Letrista de bons recursos, Tyler ganhou fama e fortuna adorou a vida de celebridade e as "facilidades" que costumam estar associadas. Uma vez declarou que ele tinha "cheirado" o avião que a banda tinha alugado - numa alusão ao vicio em cocaína tão acentuado que teria motivado a "venda" da aeronave.

Também adorava bradar, em tom de galhofa, que ele e a banda tinham cheirado o "PIB (Produto Interno Bruto) da Bolívia", e depois do da "Bolívia e Colômbia juntas"... Só que não era tão engraçado assim, e a escala de exagero dá conta do quanto eles chafurdaram no fundo do poço.

As brigas entre os integrantes e destes com empresários não muito honestos cobraram um preço bem alto. Joe Perry saiu em 1979 desiludido e partiu para a carreira solo, voltando a tocam em bares de beira de estrada; o outro guitarrista, Brad Whitford, saiu no ano seguinte e também voltou ao underground ao formar uma banda com o guitarrista e vocalista Derek St. Holmes.

Tyler e o baixista Tom Hamilton assumiram o leme, mas não evitaram o naufrágio mesmo com dois novos guitarristas - Jimmy Crespo e o francês Rick Duffay. Entre 1980 e 1984, apenas um álbum, o fraco "Rock and a Hard Place", de 1982, e muitas dívidas. 

A solução era óbvia: os dois ex-guitarristas tinha de voltar, já que as separações prejudicaram todos. Em 1984, ao final de um concerto que encerrava uma turnê apenas razoável. Perry e Whitford, convidados de honra, foram a uma sala reservada na administração do ginásio. Tyler, Hamilton e o baterista Joey Kramer os esperavam para reatar a amizade e a volta dos dois ao grupo. 

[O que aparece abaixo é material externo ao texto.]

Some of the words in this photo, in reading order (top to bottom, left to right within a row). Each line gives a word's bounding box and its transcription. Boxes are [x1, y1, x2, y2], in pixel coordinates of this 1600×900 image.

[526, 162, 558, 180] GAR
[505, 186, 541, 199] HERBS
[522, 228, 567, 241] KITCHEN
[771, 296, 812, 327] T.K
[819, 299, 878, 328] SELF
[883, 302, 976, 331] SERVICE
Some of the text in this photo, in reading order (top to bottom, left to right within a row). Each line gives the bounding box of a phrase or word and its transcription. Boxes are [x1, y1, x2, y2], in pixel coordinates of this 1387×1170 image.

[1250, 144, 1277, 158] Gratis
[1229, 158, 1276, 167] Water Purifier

Crespo e Duffay sentiram o cheiro de queimado meses antes, mas nem desconfiavam de que estavam demitidos, segundo a lenda.

Ressurreição

Parecia que tudo voltava ao normal, só que não. O vicio cada vez mais pesado em drogas mais pesadas ensejou um ultimato de Joe Perry meses depois, durante a gravação do mediano disco "Done With Mirrors": ou ia para a reabilitação ou o guitarrista sairia de novo.

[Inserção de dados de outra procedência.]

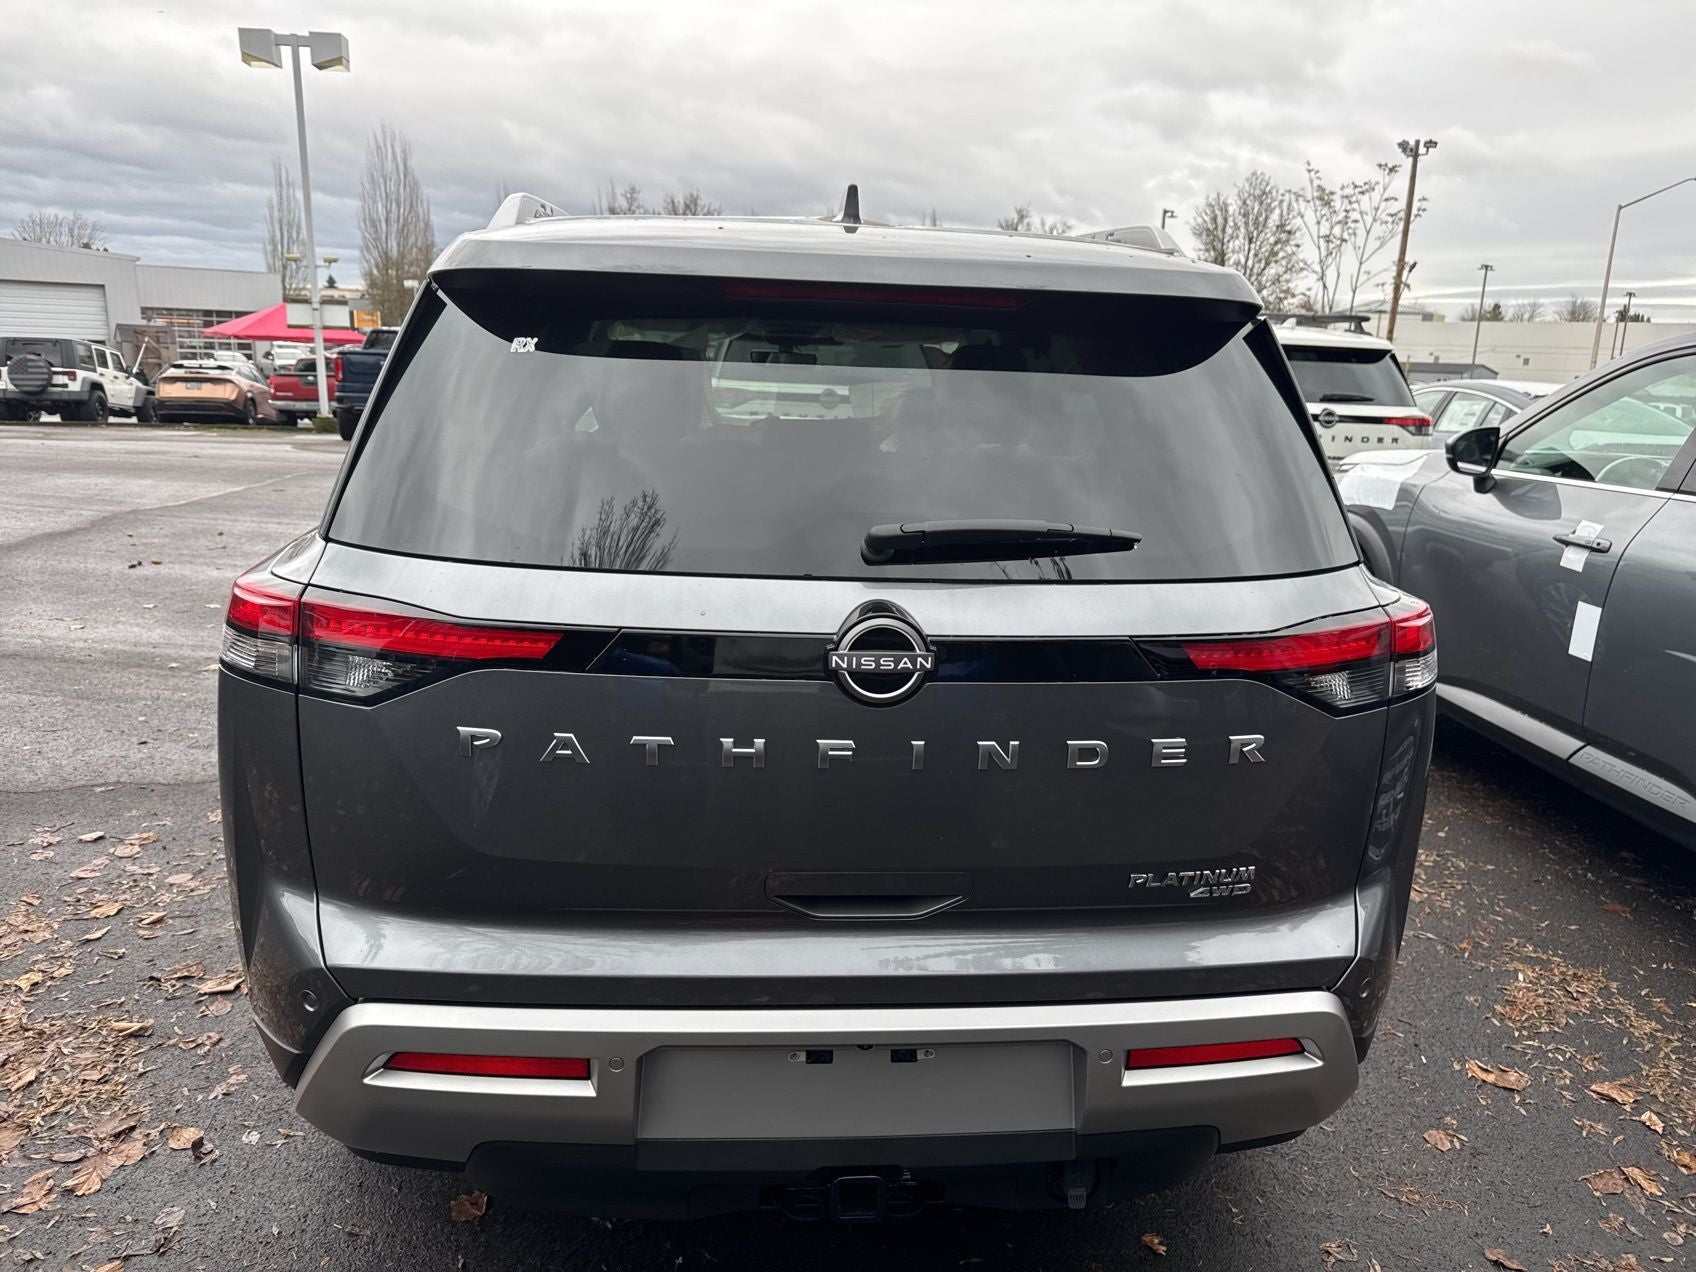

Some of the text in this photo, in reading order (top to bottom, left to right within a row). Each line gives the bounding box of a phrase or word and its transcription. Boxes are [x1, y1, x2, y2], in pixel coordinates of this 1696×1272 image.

O relutante vocalista terminou as gravações e sumiu, apesar dos shows marcados. Aos trancos e barrancos, retornou e, ao fim de rápida turnê americana, foi para uma clínica.

Aparentemente recuperado, Steve Tyler injetou novo ânimo e ajudou ao Aerosmith a se tornar uma superbanda de encher estádios e de rivalizar em vendas com Metallica, Kiss, U2 e Van Halen. 

Os discos "Permanent Vacation" (1987) e "Pump" (1989) consagraram a banda e transformaram Tyler em um festejado letrista, ainda que com a ajuda de "terceirizados", como o produtor e compositor avulso Desmond Child.

O hard rock ainda estava lá, mas o acento pop era marcante, assim como as baladas pungentes e assumidamente bregas, como "Angel" e a quase country "What It Takes".

A banda saiu do sufoco financeiro, seus integrantes ficaram milionários, pelo dois deles enfrentaram o câncer e tiveram de aguentar Tyler voltar mais algumas vezes para a reabilitação - e também "pequenas traições".

O cantor, sem avisar ninguém, aceitou ser jurado d de um reality show musical, do tipo de "The Voice Brasil", da TV Globo, o que inviabilizava gravações. Mas o pior veio em seguida: ele se ofereceu para ser vocalista do Led Zeppelin... E não avisou os companheiros.

Depois da histórica reunião da banda inglesa em dezembro de 2007 para show único, em Londres, houve várias propostas para outros shows e uma volta definitiva, mas Robert Plant, o vocalista, recusou todas. 

O guitarrista Jimmy Page e o baixista John Paul Jones pensaram em continuar e receberam a sugestão de "testar" Tyler. O que deveria ser um segredo logo vazou e virou um escândalo.

Houve novo perdão, mas Joe Perry admite em sua autobiografia que as coisas não foram mais as mesmas desde então, embora a banda ainda exista mesmo sen gravar coisas inéditas desde 2015. Um CD de versões de blues atenuou as rusgas, o que levou aos planos de aposentadoria da banda.

O Aerosmith fez duas grandes turnês de despedida, mas nada indica que devam parar tão cedo, por mais que a idade e a saúde cobrem o preço. 

Aos 75 anos, Tyler ainda canta bem, mas está sem fôlego e tem alguns problemas de mobilidade por conta de algumas quedas do palco ao longo dos anos. 

As fofocas do mundo do hard rock dão conta de que a banda, finalmente, vai anunciar uma turnê de despedida - e Tyler, finalmente, poderá se dedicar a uma vida mais sossegada como cantor de country music, como demonstrou em seu único solo.